« Les bien-pensants » désignent péjorativement des personnes, dont la pensée politique se résume à des maximes de bons sentiments, en vertu desquelles ils paralysent la société et la murent dans un conservatisme dont ils sont les premiers ensuite à déplorer les effets. Même si ce terme désigne beaucoup de monde chez les « puissants », ce peuvent être en priorité le pouvoir judiciaire et le pouvoir médiatique. Naturellement, aucun bien-pensant ne se définira comme tel.

Cette bien-pensance est donc un concept plutôt ironique, acide, amusant par la manière dont il se moque de la philosophie de l’intérêt ou de la dictature de l’individu.

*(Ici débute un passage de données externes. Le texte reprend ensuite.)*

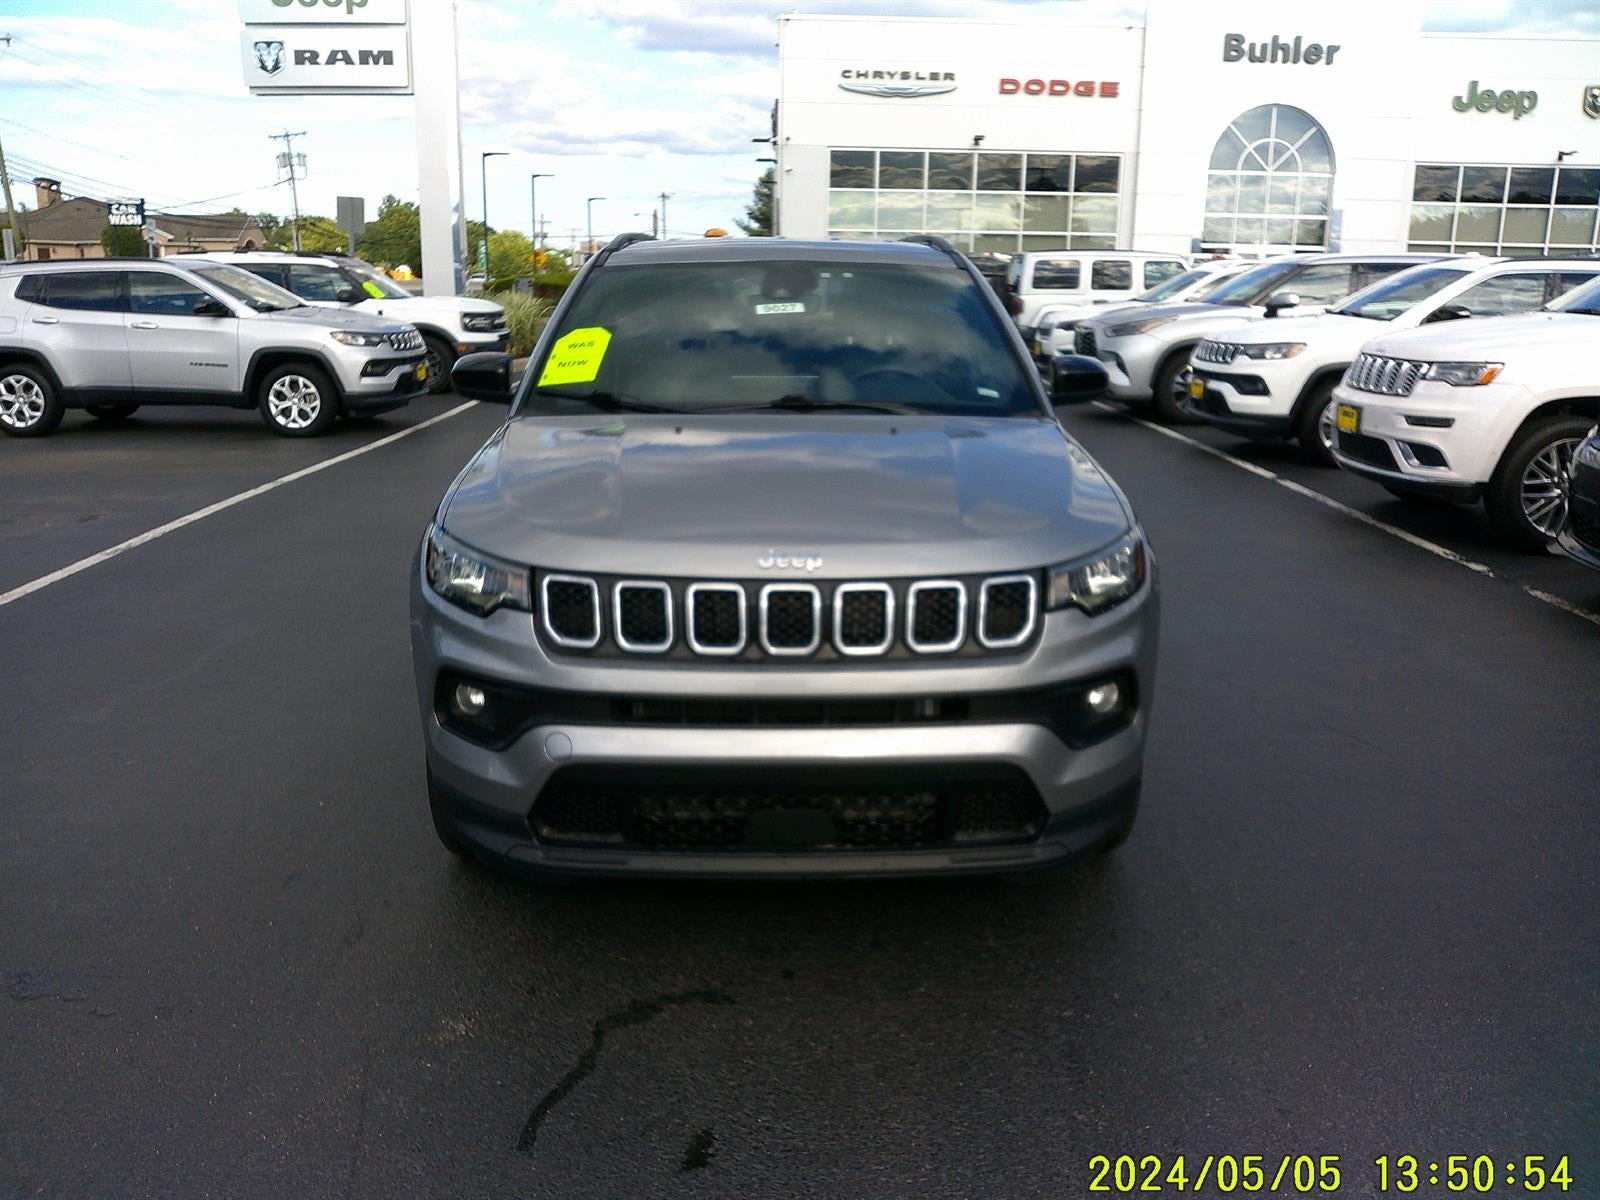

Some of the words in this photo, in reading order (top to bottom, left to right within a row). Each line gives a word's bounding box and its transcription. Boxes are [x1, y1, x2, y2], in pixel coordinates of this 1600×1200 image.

[294, 49, 394, 66] RAM
[1223, 33, 1341, 66] Buhler
[841, 69, 956, 81] CHRYSLER
[999, 78, 1120, 98] DODGE
[1452, 80, 1539, 120] Jeep
[107, 213, 142, 225] WASH
[568, 340, 595, 349] WAS
[557, 360, 589, 368] NOW
[757, 549, 823, 571] Jeep

Regardons le triste spectacle que nous offre la politique aujourd’hui. Toute réponse énergique à un problème quelconque se voit tassée entre des opposants de droite, de gauche, d’en bas ou d’en haut. La réforme est ensuite livrée à des chirurgiens juristes qui en ôtent toute la substance, puis elle est lissée pour qu’aucune de ses arêtes ne heurte la susceptibilité de quelque religion, groupe, profession, ethnie, genre, orientation sexuelle, primate, chimpanzé, bonobo ou que sais-je encore. Ensuite, elle est démocratisée par peur d’être jugée despotique, elle est amoindrie, affadie, disséquée, mâchée, noyée, vidée puis resoudée sous la forme d’une coquille vide qui va passer en vote à la Chambre… pour finalement se buter à une fin de non-recevoir, ou pas, ce qui ne change rien, pendant que le problème initial, lui, a achevé de pourrir la situation.

En d’autres termes, les bien-pensants sont des incompétents détenteurs de règles de vertu qui ont fait de l’Etat quelque chose d’obèse et d’affaissé, présent partout où l’on pas appelé, absent partout où on a besoin de lui, et fin prêt pour l’effondrement.

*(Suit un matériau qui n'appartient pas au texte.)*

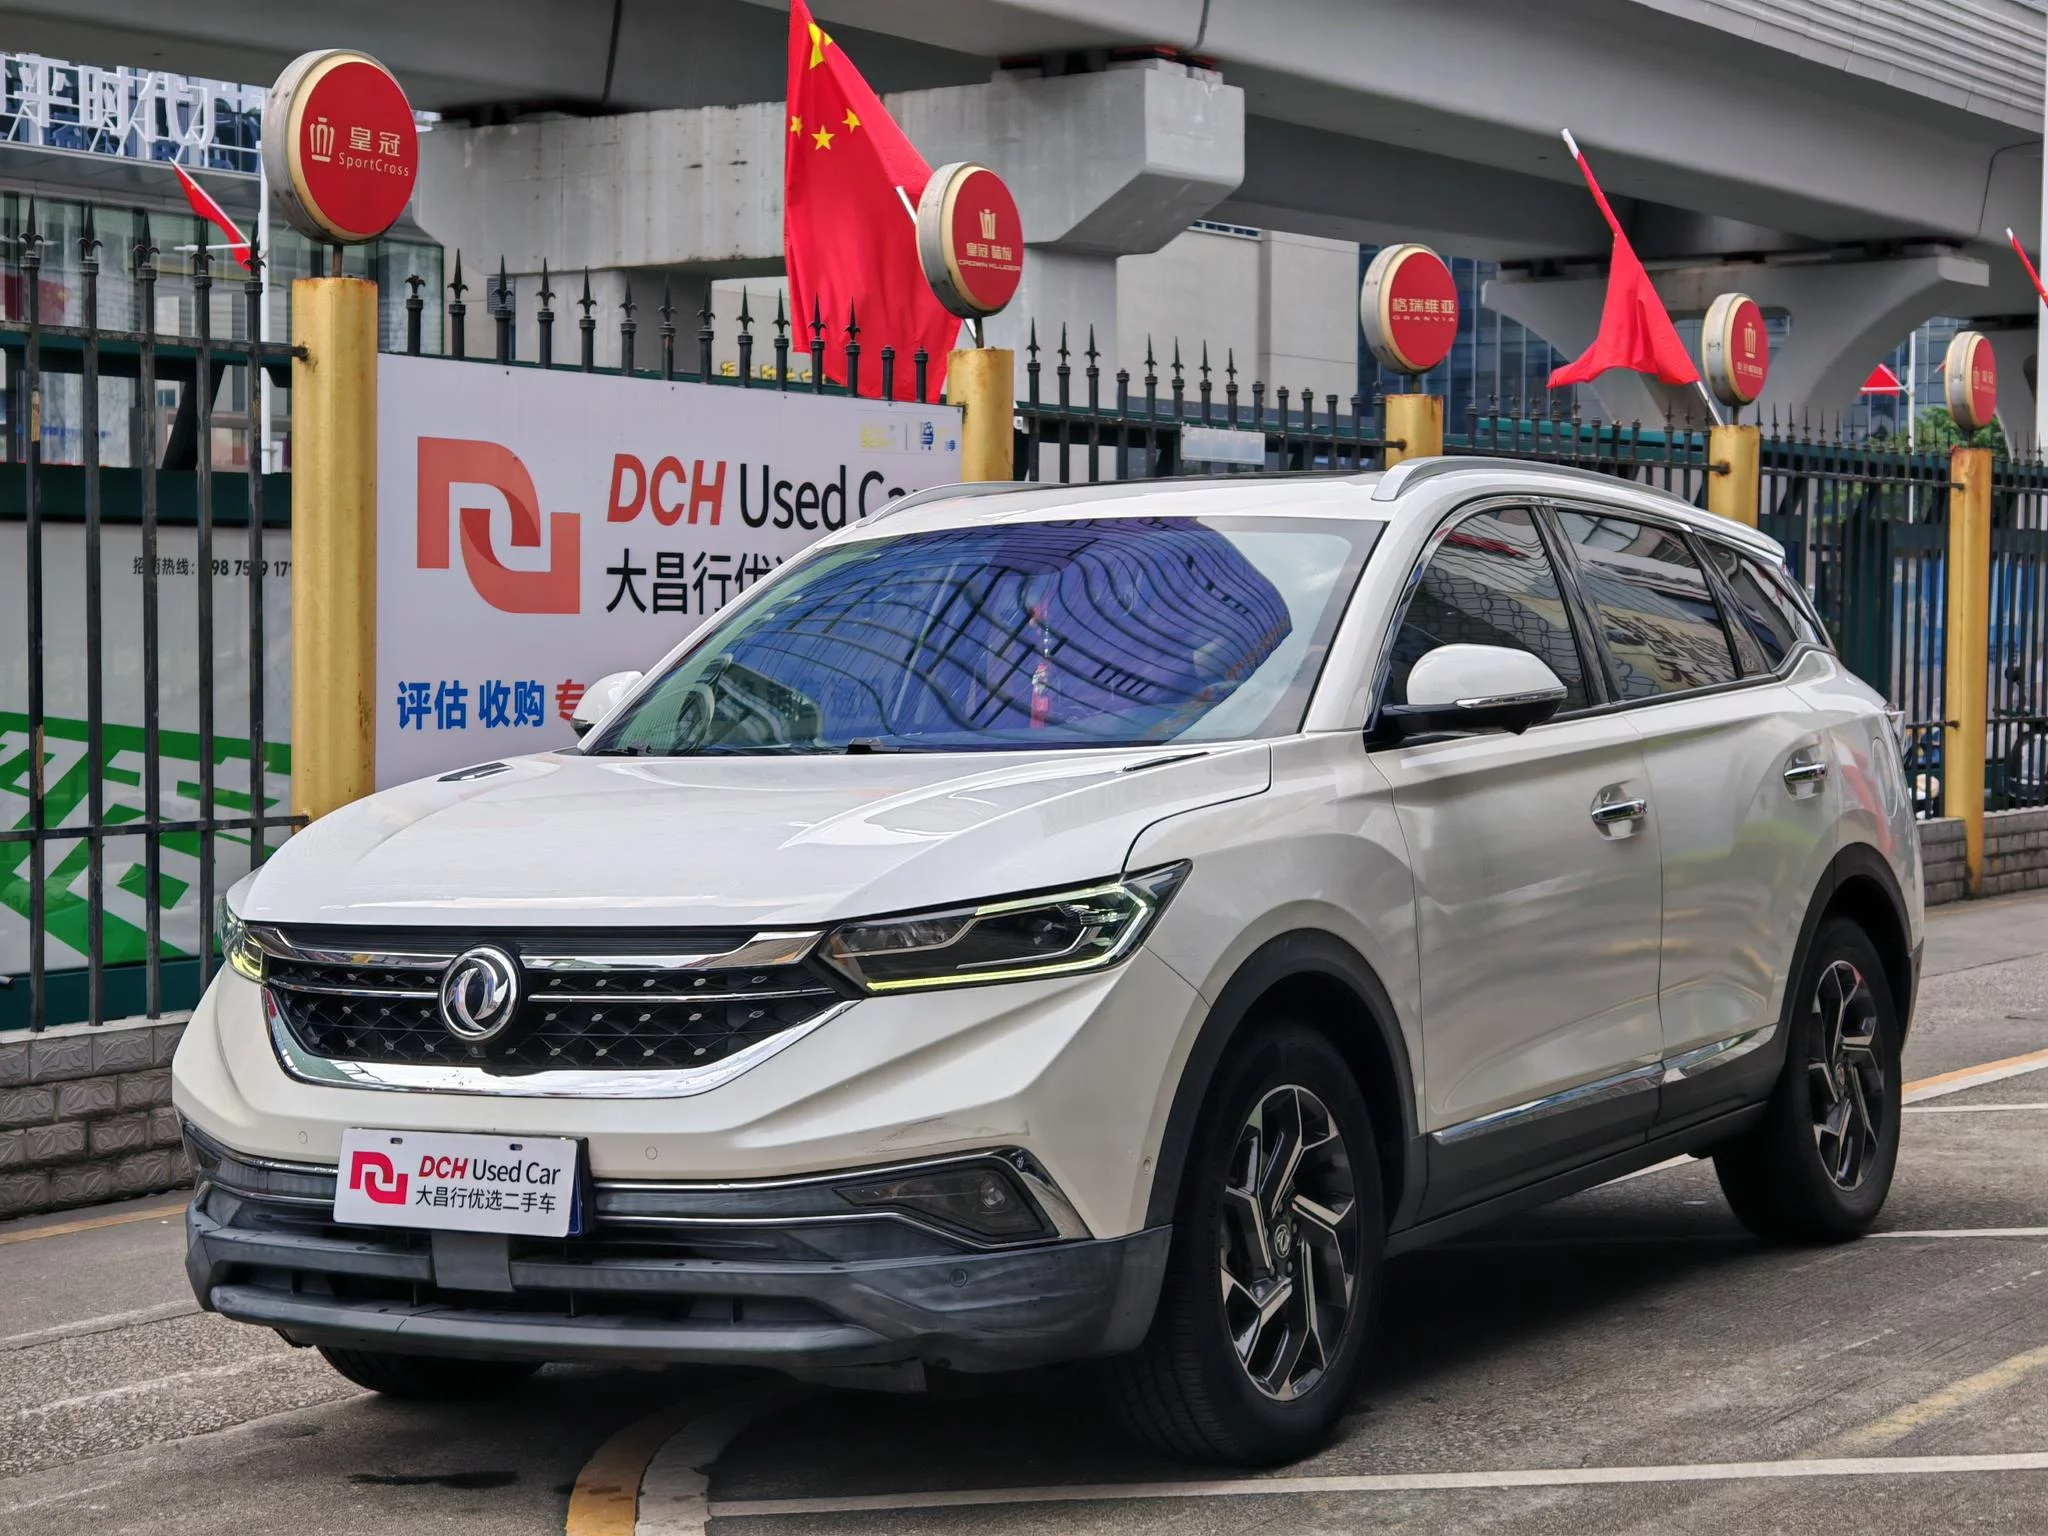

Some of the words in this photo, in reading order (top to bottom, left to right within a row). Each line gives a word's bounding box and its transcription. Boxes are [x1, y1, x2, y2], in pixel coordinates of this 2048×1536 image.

En philosophie, on donnerait une autre définition, assez semblable : ils sont des gens qui croient qu’on peut résoudre les problèmes politiques en ne faisant de mal à personne. Qui croient que parmi les droits de l’homme, il y aurait une espèce de droit au bonheur, dont la naissance nous rendrait imaginairement les possesseurs, dont la société serait responsable et l’Etat garant. Qui croient que la fonction de l’Etat est de nous rendre heureux.

Ou encore, qui ont oublié que le but de la politique est le Bien Commun (res publica, la République donc) et non la démocratie qui n’est qu’un moyen parmi d’autres de l’atteindre. Pour avoir trop connu la liberté, ils ont oublié que c’est l’ordre, et d’abord lui, qui l’a rendue possible.

Ce sont donc aussi des anarchistes hétérodoxes. L’anarchie c’est l’ordre sans autorité, nous disent Reclus et Kropotkine. Les bien-pensants ne veulent pas l’autorité, mais ils ne veulent pas l’ordre non plus. A l’ordre, ils opposent les caprices des individus, qui sont un puits sans fond dans lequel on entre de bonne foi, puis on s’engouffre avant d’y perdre, l’Etat et la société et l’individu avec. Ils ne savent pas qu’il faut supporter la frustration de n’être pas le centre du monde. C’est cette frustration qu’ils ont mué en désir anarchique.

Bref, ils sont des gens qui n’ouvrent jamais des bouquins d’Histoire. S’ils l’avaient fait, ils sauraient que l’anarchie c’est aussi un paradis fugace dont hélas personne n’a trouvé trace dans l’histoire, sauf comme touchant prélude aux guerres civiles.